What this task involves =
An exact copy of the listing below is required, minus its pictures.

Data extracts =
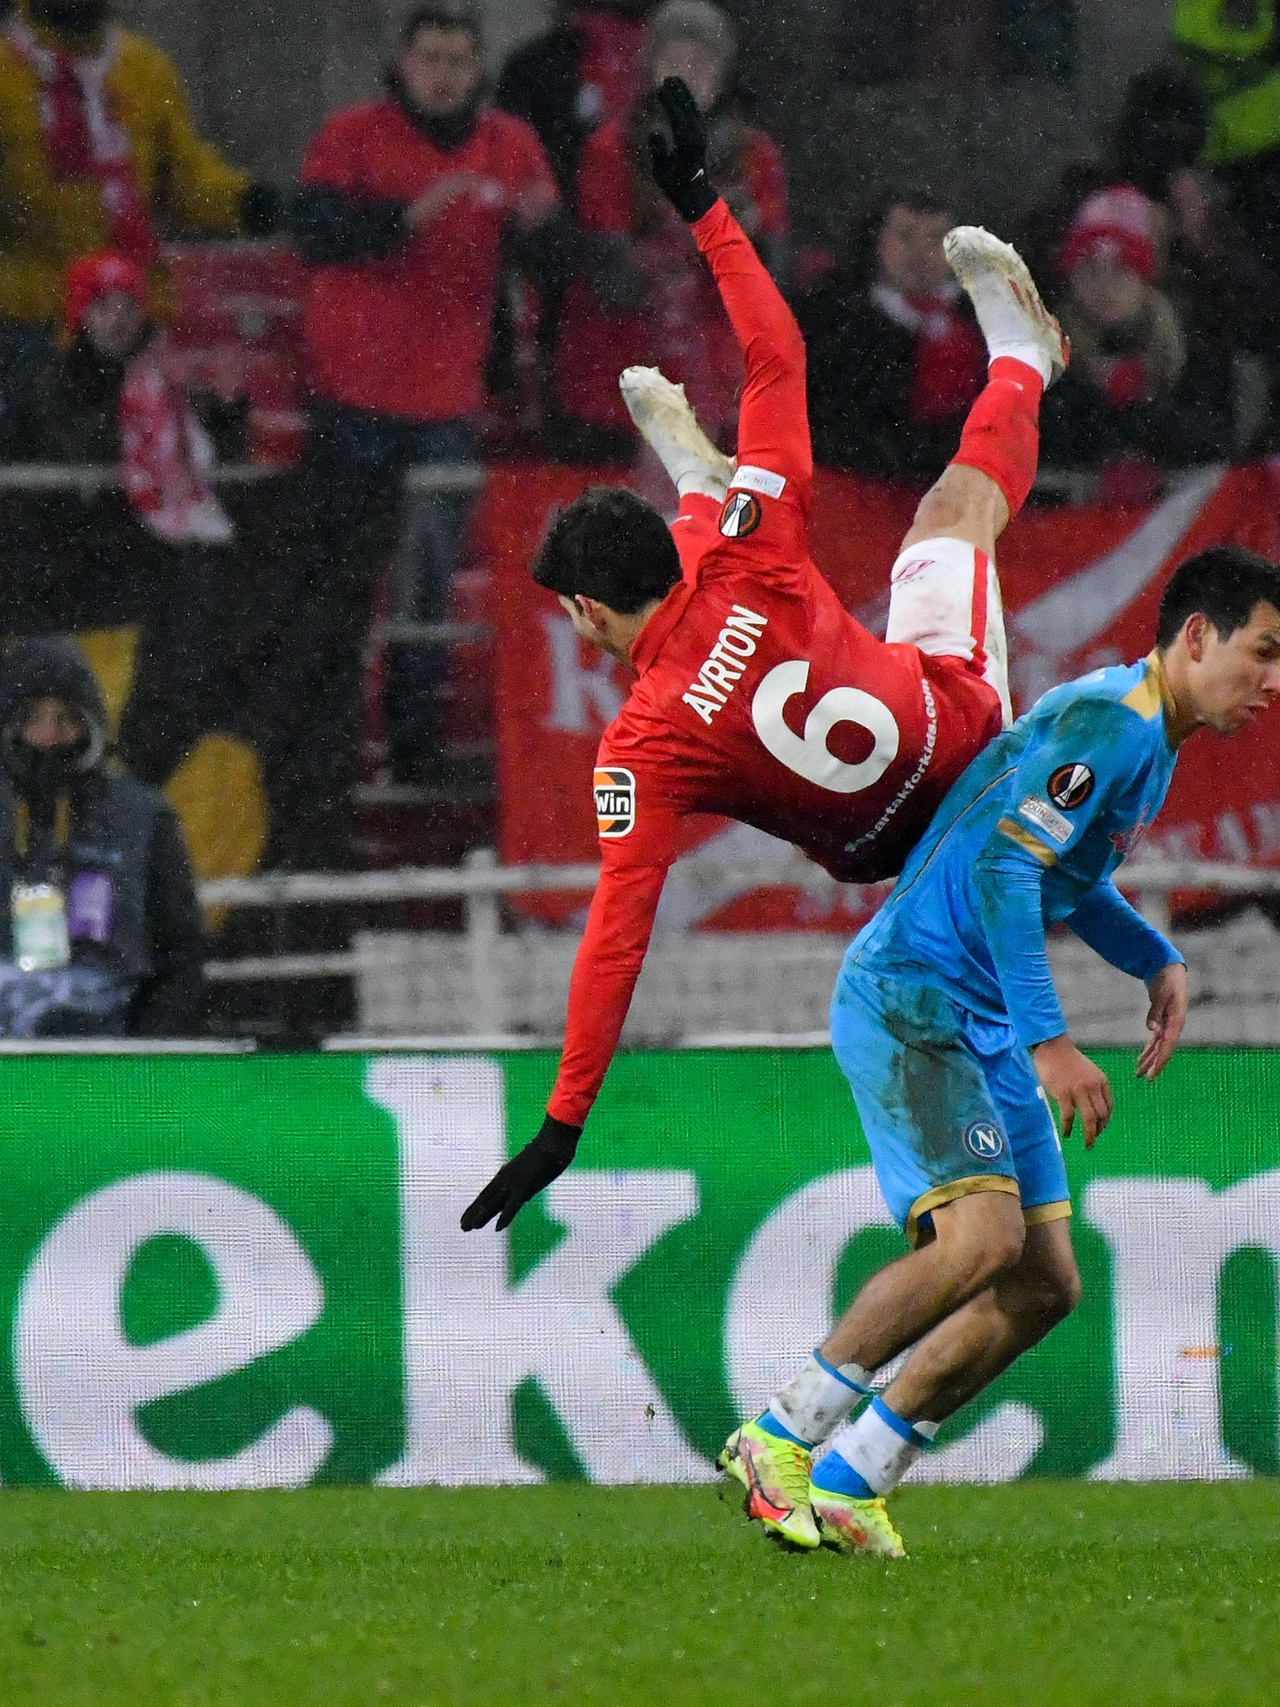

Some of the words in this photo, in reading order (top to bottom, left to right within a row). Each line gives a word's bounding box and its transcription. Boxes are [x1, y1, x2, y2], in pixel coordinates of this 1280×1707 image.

[682, 604, 768, 725] AYRTON
[752, 660, 900, 793] 6
[976, 1130, 996, 1151] N
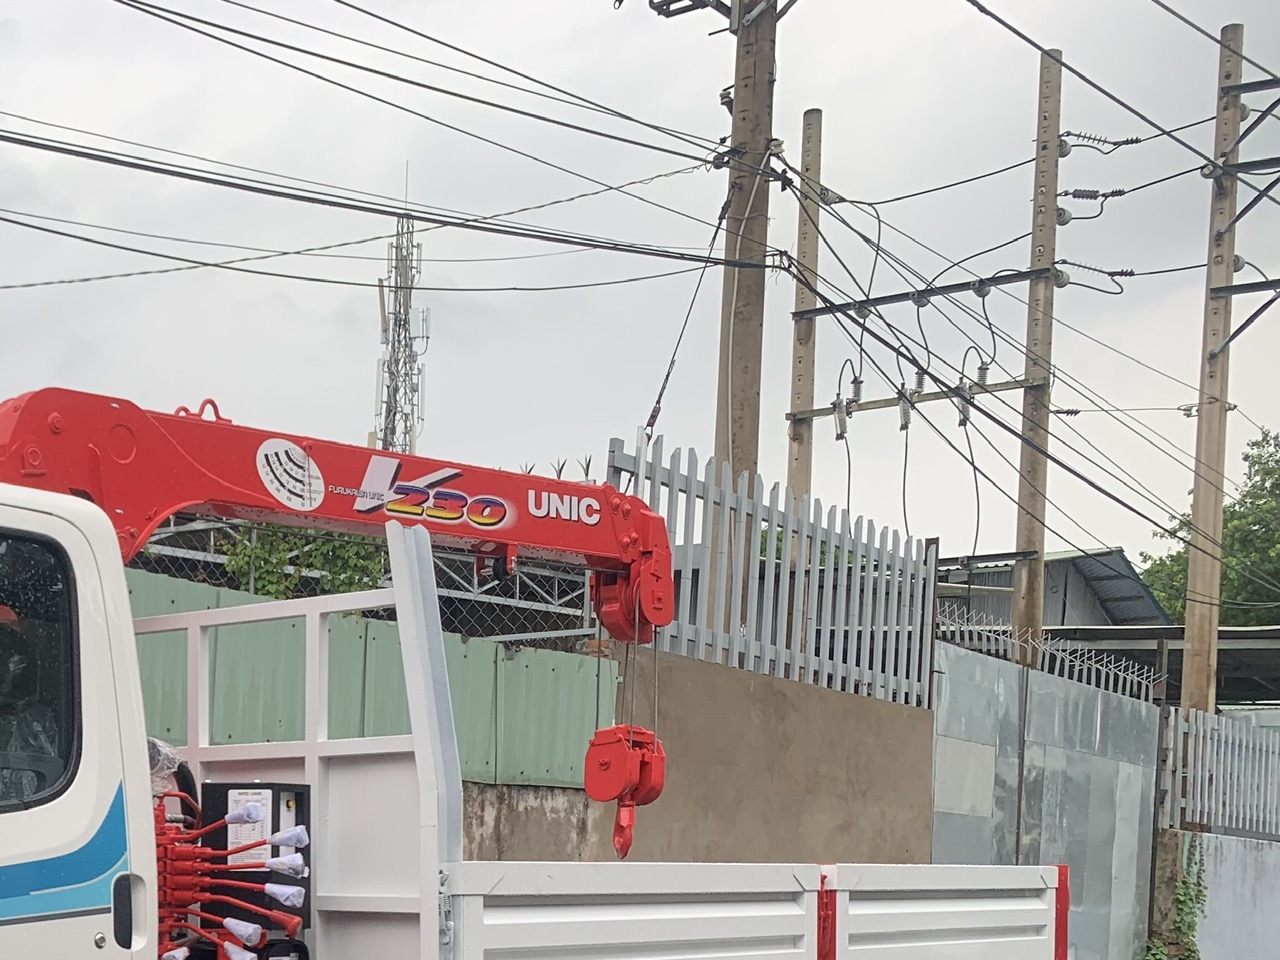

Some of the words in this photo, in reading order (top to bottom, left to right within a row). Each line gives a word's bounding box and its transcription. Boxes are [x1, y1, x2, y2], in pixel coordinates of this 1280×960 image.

[328, 484, 368, 499] FURUKAWA
[368, 490, 385, 502] UNIC
[528, 489, 601, 526] UNIC
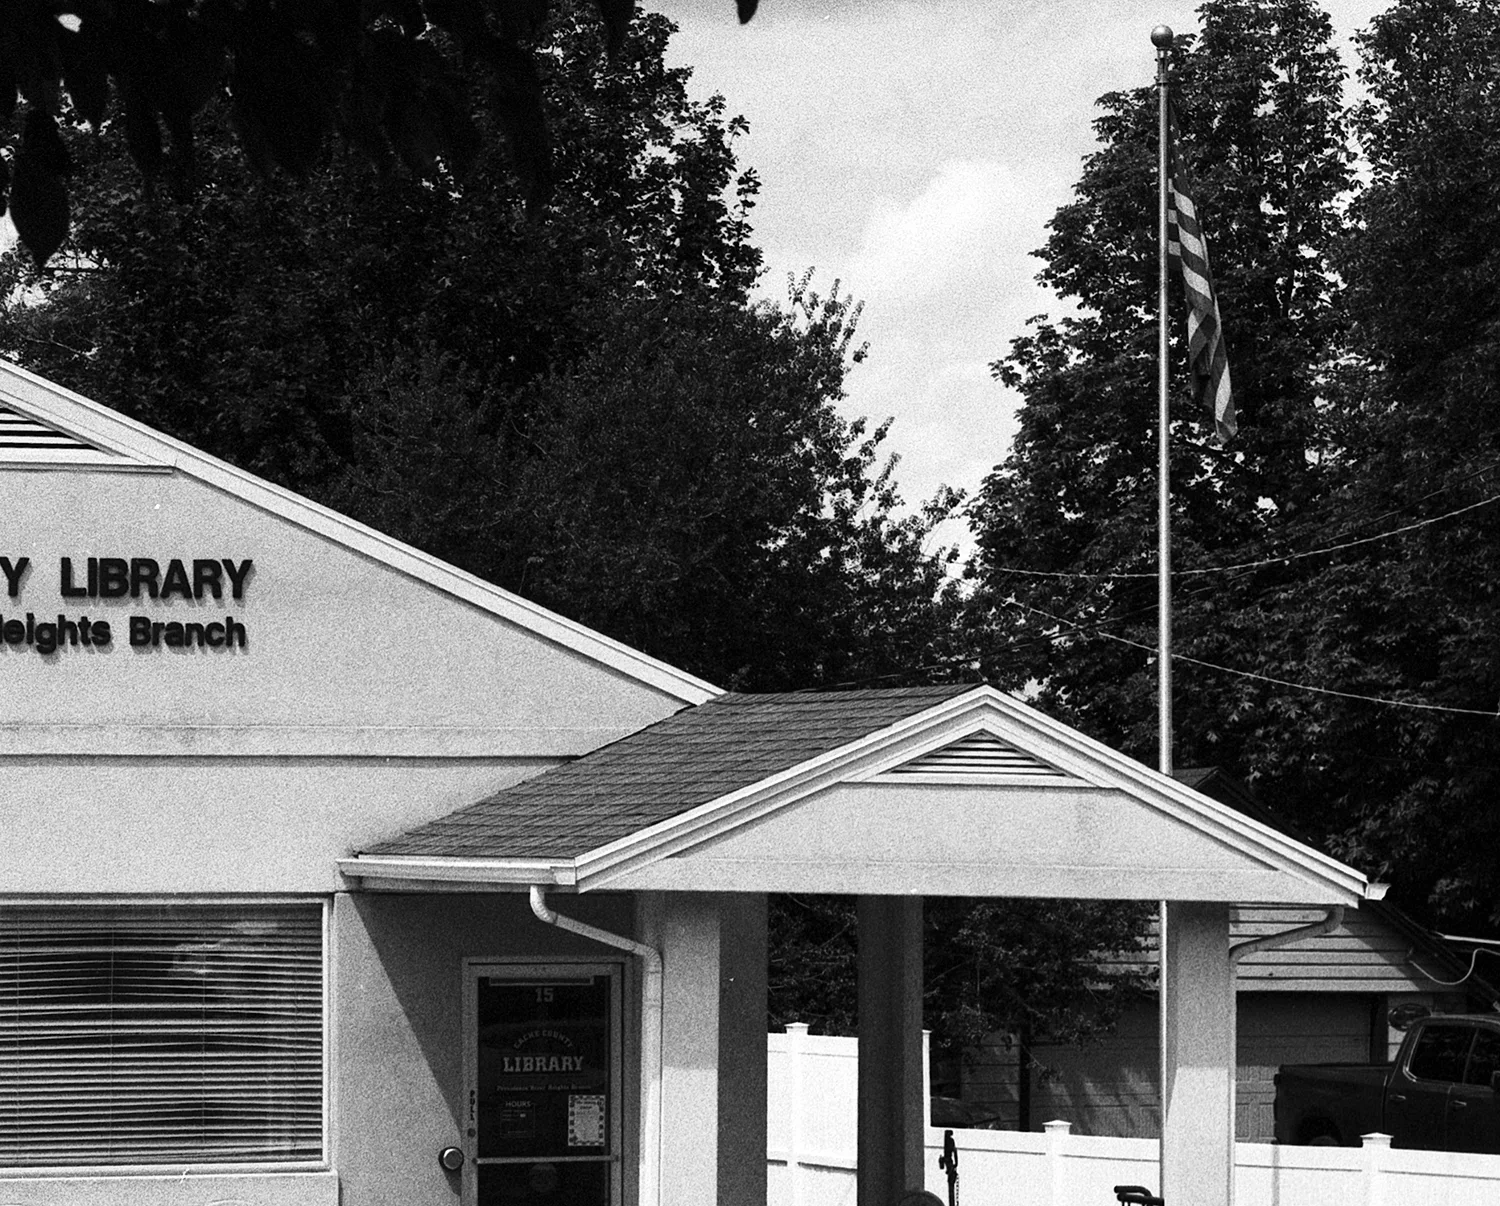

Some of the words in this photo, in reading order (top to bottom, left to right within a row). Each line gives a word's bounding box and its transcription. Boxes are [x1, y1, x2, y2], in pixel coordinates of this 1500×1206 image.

Response box =
Some of the words in this photo, in reading order (top to bottom, left to right within a row). Each line gives a word's bounding box and its transcription. Boxes are [x1, y1, x2, y2], in pixel coordinates of this 1280×1707 image.

[682, 604, 768, 725] AYRTON
[752, 660, 900, 793] 6
[976, 1130, 996, 1151] N

Some of the words in this photo, in reading order (top to bottom, left to right within a row). Each line gives a word's bounding box and its transcription. Boxes are [x1, y1, x2, y2], in pixel coordinates of this 1280×960 image.

[328, 484, 368, 499] FURUKAWA
[368, 490, 385, 502] UNIC
[528, 489, 601, 526] UNIC

Some of the words in this photo, in reading order (top to bottom, left to right within a row). Each line gives a word's bounding box and its transcription. Boxes are [x1, y1, x2, y2], in pixel coordinates of this 1500×1206 image.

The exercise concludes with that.